Time Travel 'Impossible,' Scientists Say

Dennis Faas's picture

From Family Matters to The Simpsons and, of course, Back to the Future, the idea of time travel has become a common theme in American pop culture. There's no doubt, then, that many will be disappointed to hear of a new report from a group of Hong Kong scientists which suggests that traveling through time is simply impossible.

The report comes from the Hong Kong University of Science and Technology, where researchers under the direction of Professor Shengwang Du have concluded that single photons (the absolute smallest particle of light) simply can't travel faster than light. The finding is significant because in order for time travel to work, photons have to disobey the laws of physics. (Source: time.com)

Report: Effects Can't Occur Before Their Cause

"The results add to our understanding of how a single photon moves," Du said.

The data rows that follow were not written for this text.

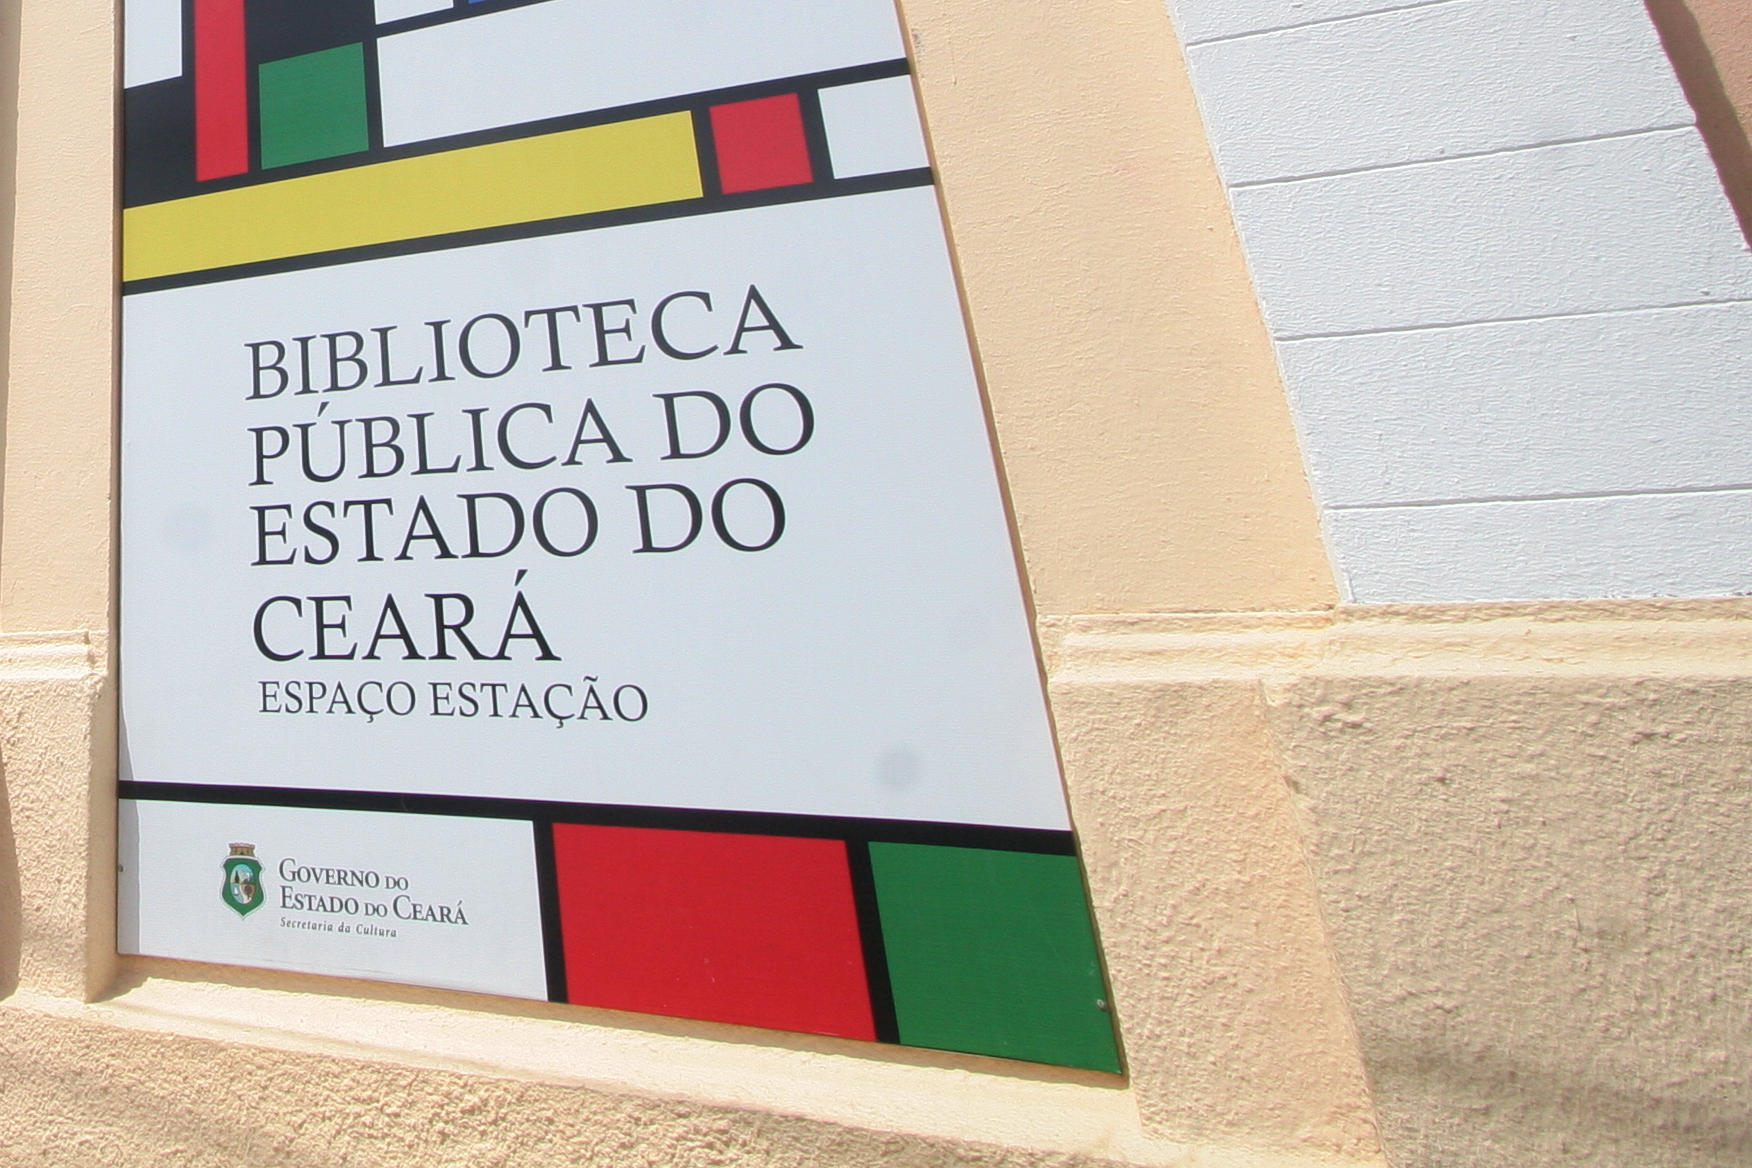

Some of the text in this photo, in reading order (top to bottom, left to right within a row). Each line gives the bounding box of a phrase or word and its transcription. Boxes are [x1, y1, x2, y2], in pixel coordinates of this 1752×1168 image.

[244, 283, 804, 401] BIBLIOTECA
[246, 382, 815, 487] PÚBLICA DO
[248, 477, 787, 567] ESTADO DO
[252, 568, 562, 662] CEARÁ
[258, 675, 648, 729] ESPAÇO ESTAÇÃO
[279, 916, 398, 938] Secretaria da Cultura

"By showing that single photons cannot travel faster than the speed of light, our results bring a closure to the debate on the true speed of information carried by a single photon. Our findings will also likely have potential applications by giving scientists a better picture on the transmission of quantum information."

What Du's report does is demonstrate that a single photon must obey the universe's speed limit, and that "an effect cannot occur before its cause." (Source: pcmag.com)

Scientists Likely to be Surprised, Disappointed

The report is likely to disappoint more than sci-fi nerds.

It will also come as something of a surprise for members of the scientific community, who in the past few years have been paying more attention to the idea of time travel. That's because it wasn't long ago that scientists discovered "superluminal propagation of optical pulses" -- which, in layman's terms, means that optical pulses could conceivably move faster than the speed of light, meaning time travel might actually be possible.

Du says that was all just a superficial effect and that the phenomenon known as "superluminal propagation of optical pulses" is incapable of processing and transmitting actual information.